University of Alberta biologist David Schindler said the research doesn't surprise him.
“Those Environment Canada studies, I think, confirm my worst suspicions,” he said.
In 2009, Schindler also found contaminants in snow near the oilsands. Later, his team discovered a fish with a tumor, believed to be linked to oilsands contamination.
The province takes these findings seriously, said Alberta Environment spokesperson Erin Carrier.
“We recognize that there is naturally occurring bitumen in the area. But we also recognize that with the development of oilsands in the area, that we do have to monitor,” said Carrier.
The province says it worked with Ottawa to launch a joint monitoring program in northern Alberta.
These findings won't be the only research presented in California this week at the meeting of international scientists. Another connected study found that hydrocarbons in lakes near the oilsands have risen by two to 23 times since the beginning of exploration 60 years ago.

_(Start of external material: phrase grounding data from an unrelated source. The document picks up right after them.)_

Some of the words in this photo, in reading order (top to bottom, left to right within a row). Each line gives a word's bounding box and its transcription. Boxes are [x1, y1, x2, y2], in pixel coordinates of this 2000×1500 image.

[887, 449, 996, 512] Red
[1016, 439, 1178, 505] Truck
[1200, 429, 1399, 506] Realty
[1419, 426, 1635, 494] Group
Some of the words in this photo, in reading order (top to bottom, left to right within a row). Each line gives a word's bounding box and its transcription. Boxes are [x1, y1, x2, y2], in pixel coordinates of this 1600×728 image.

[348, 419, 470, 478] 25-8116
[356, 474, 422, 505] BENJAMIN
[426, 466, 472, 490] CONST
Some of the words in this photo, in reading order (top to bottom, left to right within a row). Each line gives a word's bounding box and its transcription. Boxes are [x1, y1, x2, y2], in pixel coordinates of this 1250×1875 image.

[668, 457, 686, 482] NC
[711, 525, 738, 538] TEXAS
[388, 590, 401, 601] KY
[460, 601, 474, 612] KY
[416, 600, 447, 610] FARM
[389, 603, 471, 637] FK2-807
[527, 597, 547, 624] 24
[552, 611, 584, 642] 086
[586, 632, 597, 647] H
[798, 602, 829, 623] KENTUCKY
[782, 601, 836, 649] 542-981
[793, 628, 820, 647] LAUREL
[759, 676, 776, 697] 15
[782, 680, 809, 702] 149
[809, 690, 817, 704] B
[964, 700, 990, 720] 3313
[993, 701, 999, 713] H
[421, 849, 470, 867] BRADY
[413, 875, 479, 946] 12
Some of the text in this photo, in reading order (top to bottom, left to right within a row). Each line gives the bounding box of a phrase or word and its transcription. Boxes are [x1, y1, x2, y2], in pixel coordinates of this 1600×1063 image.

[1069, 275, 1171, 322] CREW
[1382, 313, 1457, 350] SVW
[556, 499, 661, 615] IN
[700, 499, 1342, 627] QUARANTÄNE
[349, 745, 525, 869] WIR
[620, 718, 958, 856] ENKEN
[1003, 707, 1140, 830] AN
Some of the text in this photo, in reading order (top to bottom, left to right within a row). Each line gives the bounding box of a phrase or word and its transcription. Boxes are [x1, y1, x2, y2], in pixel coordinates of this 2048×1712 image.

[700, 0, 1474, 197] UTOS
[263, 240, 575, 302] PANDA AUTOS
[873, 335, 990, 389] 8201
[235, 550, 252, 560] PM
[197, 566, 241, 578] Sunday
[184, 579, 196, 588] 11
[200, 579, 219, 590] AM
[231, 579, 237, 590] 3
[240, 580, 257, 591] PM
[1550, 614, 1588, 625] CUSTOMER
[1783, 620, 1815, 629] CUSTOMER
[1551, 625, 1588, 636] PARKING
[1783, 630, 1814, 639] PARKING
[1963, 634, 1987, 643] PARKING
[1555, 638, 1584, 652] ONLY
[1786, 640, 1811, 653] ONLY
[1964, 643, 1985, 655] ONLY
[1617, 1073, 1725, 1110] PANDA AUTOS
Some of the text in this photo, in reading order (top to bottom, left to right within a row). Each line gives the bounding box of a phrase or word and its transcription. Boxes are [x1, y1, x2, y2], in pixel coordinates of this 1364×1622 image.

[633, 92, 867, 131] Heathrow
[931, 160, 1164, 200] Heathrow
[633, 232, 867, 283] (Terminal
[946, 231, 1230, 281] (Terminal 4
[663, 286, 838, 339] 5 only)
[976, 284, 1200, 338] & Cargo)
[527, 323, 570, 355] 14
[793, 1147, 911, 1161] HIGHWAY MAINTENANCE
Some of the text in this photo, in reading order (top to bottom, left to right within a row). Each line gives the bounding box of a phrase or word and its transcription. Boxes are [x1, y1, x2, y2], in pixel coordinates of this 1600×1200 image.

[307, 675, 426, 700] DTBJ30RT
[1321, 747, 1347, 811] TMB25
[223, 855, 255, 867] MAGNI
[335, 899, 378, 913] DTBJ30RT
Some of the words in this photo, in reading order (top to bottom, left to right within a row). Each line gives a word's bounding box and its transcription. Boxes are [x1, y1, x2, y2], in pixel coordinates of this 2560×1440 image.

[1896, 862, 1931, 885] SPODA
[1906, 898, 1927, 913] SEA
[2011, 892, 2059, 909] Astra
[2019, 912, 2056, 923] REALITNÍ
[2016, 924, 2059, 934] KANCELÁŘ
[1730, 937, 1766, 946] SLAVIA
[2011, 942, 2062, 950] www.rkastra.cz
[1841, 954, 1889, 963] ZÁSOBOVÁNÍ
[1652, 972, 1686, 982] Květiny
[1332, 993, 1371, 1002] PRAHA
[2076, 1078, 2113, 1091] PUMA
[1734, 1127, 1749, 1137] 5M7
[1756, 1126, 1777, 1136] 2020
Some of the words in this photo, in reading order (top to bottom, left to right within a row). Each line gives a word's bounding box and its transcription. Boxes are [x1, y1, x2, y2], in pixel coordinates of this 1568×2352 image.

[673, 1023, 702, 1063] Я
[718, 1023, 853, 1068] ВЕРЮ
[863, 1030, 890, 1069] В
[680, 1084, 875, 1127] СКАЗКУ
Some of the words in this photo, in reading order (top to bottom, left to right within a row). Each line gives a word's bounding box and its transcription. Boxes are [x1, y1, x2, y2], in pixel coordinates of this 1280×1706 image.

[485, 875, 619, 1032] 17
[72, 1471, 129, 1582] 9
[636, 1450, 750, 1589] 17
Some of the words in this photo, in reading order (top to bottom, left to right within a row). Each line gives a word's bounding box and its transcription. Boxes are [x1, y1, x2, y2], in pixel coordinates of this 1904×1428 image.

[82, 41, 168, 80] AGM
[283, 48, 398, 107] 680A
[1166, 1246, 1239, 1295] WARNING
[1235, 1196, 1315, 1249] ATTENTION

Environmentalists say they fear the work done by Environment Canada’s scientists won't get much attention.
“Scientists have been told to refer questions to media liaisons and not to actually speak about their studies themselves,” said Chelsea Flook, executive director for the Prairies at the Sierra Club.
At a similar conference held in Boston last year, Environment Canada scientists were given a list of precise answers for reporters’ questions.
The Conservative government insists scientists are bureaucrats and can't say things that might be seen as offering an opinion on government policies.